> **Input material**:
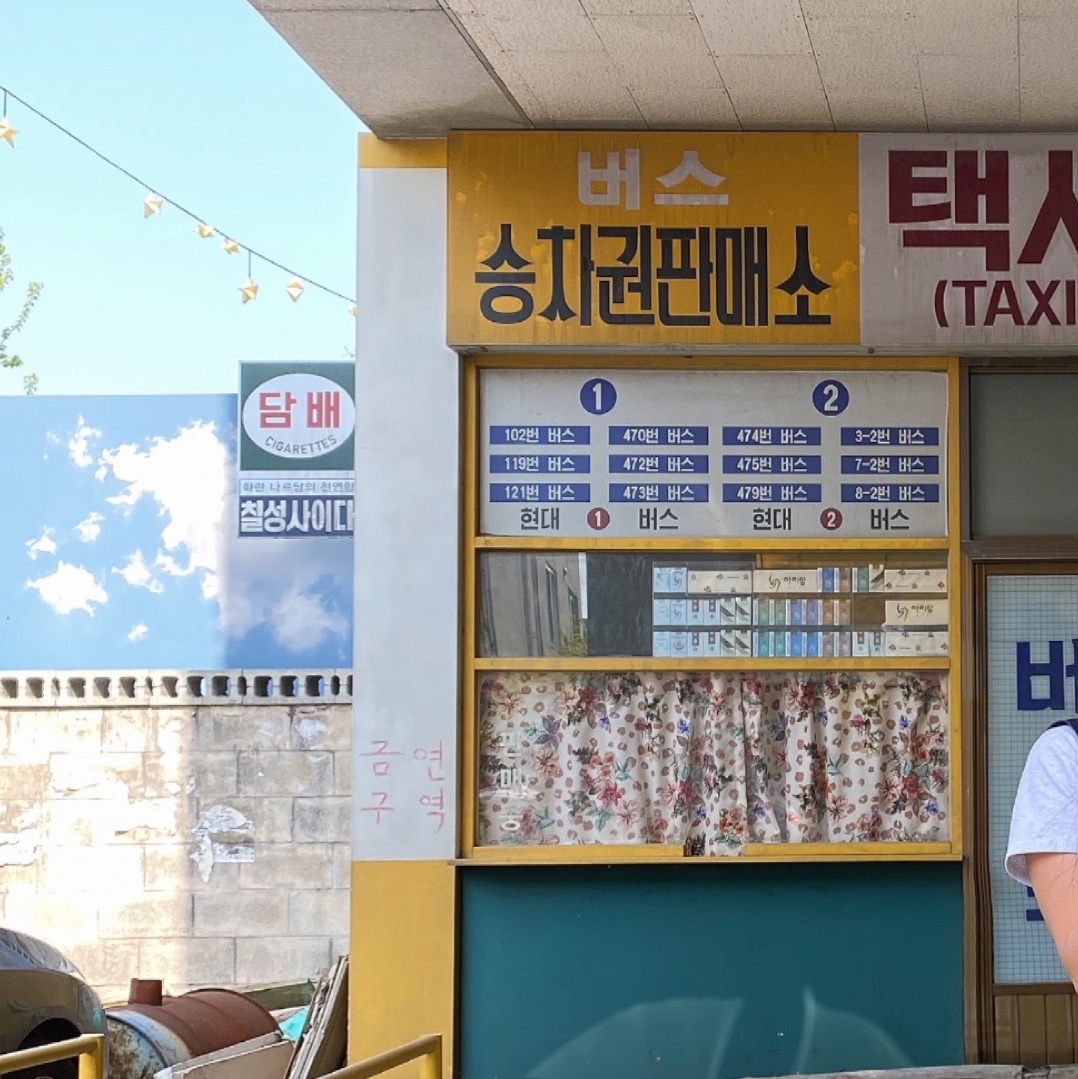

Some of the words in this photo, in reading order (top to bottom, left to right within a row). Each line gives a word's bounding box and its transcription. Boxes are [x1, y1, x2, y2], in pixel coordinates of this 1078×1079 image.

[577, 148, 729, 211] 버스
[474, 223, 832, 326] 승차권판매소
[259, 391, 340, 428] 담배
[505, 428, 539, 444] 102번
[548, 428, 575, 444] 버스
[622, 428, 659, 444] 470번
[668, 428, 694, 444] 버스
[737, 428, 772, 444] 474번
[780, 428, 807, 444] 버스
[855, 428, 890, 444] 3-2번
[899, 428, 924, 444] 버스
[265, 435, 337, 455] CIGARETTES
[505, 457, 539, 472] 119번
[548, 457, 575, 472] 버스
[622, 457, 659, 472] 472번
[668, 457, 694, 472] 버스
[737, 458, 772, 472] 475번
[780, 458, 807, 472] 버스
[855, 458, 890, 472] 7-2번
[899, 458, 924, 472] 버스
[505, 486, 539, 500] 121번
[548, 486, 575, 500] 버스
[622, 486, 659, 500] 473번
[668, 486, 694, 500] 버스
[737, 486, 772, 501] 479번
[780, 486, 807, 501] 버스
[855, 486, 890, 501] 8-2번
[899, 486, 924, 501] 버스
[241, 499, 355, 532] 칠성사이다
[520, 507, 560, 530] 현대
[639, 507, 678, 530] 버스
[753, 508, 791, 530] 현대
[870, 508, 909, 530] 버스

> **Work item**: Please keep the pictures out and reproduce the records above exactly.

> **Your solution**:
Some of the words in this photo, in reading order (top to bottom, left to right within a row). Each line gives a word's bounding box and its transcription. Boxes are [x1, y1, x2, y2], in pixel coordinates of this 1078×1079 image.

[577, 148, 729, 211] 버스
[474, 223, 832, 326] 승차권판매소
[259, 391, 340, 428] 담배
[505, 428, 539, 444] 102번
[548, 428, 575, 444] 버스
[622, 428, 659, 444] 470번
[668, 428, 694, 444] 버스
[737, 428, 772, 444] 474번
[780, 428, 807, 444] 버스
[855, 428, 890, 444] 3-2번
[899, 428, 924, 444] 버스
[265, 435, 337, 455] CIGARETTES
[505, 457, 539, 472] 119번
[548, 457, 575, 472] 버스
[622, 457, 659, 472] 472번
[668, 457, 694, 472] 버스
[737, 458, 772, 472] 475번
[780, 458, 807, 472] 버스
[855, 458, 890, 472] 7-2번
[899, 458, 924, 472] 버스
[505, 486, 539, 500] 121번
[548, 486, 575, 500] 버스
[622, 486, 659, 500] 473번
[668, 486, 694, 500] 버스
[737, 486, 772, 501] 479번
[780, 486, 807, 501] 버스
[855, 486, 890, 501] 8-2번
[899, 486, 924, 501] 버스
[241, 499, 355, 532] 칠성사이다
[520, 507, 560, 530] 현대
[639, 507, 678, 530] 버스
[753, 508, 791, 530] 현대
[870, 508, 909, 530] 버스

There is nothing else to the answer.